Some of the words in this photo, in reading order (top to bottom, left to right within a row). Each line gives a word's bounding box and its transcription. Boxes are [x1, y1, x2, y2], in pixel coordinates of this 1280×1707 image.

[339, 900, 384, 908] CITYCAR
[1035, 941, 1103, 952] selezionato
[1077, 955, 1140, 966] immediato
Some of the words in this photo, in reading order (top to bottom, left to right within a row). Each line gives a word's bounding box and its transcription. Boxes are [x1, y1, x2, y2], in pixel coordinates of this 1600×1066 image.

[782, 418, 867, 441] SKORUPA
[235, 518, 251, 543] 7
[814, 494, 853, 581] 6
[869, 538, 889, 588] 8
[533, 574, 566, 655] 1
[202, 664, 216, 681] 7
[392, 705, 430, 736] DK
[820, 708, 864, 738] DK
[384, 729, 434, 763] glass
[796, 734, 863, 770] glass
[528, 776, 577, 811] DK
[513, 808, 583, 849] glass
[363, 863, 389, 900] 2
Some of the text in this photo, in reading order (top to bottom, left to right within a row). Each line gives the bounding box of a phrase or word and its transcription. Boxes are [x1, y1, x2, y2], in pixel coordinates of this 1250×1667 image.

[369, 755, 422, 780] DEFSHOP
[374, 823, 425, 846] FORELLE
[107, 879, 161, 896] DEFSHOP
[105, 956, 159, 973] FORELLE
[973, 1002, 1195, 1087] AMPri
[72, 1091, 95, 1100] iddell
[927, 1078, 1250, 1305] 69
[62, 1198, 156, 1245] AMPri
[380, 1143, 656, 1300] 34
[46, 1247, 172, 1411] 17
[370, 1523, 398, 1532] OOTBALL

________

■ EXERCISE INSTRUCTIONS: Every entry in the listing above is to be repeated verbatim.

■ EXERCISE SOLUTION:
Some of the words in this photo, in reading order (top to bottom, left to right within a row). Each line gives a word's bounding box and its transcription. Boxes are [x1, y1, x2, y2], in pixel coordinates of this 1280×1707 image.

[339, 900, 384, 908] CITYCAR
[1035, 941, 1103, 952] selezionato
[1077, 955, 1140, 966] immediato
Some of the words in this photo, in reading order (top to bottom, left to right within a row). Each line gives a word's bounding box and its transcription. Boxes are [x1, y1, x2, y2], in pixel coordinates of this 1600×1066 image.

[782, 418, 867, 441] SKORUPA
[235, 518, 251, 543] 7
[814, 494, 853, 581] 6
[869, 538, 889, 588] 8
[533, 574, 566, 655] 1
[202, 664, 216, 681] 7
[392, 705, 430, 736] DK
[820, 708, 864, 738] DK
[384, 729, 434, 763] glass
[796, 734, 863, 770] glass
[528, 776, 577, 811] DK
[513, 808, 583, 849] glass
[363, 863, 389, 900] 2
Some of the text in this photo, in reading order (top to bottom, left to right within a row). Each line gives the bounding box of a phrase or word and its transcription. Boxes are [x1, y1, x2, y2], in pixel coordinates of this 1250×1667 image.

[369, 755, 422, 780] DEFSHOP
[374, 823, 425, 846] FORELLE
[107, 879, 161, 896] DEFSHOP
[105, 956, 159, 973] FORELLE
[973, 1002, 1195, 1087] AMPri
[72, 1091, 95, 1100] iddell
[927, 1078, 1250, 1305] 69
[62, 1198, 156, 1245] AMPri
[380, 1143, 656, 1300] 34
[46, 1247, 172, 1411] 17
[370, 1523, 398, 1532] OOTBALL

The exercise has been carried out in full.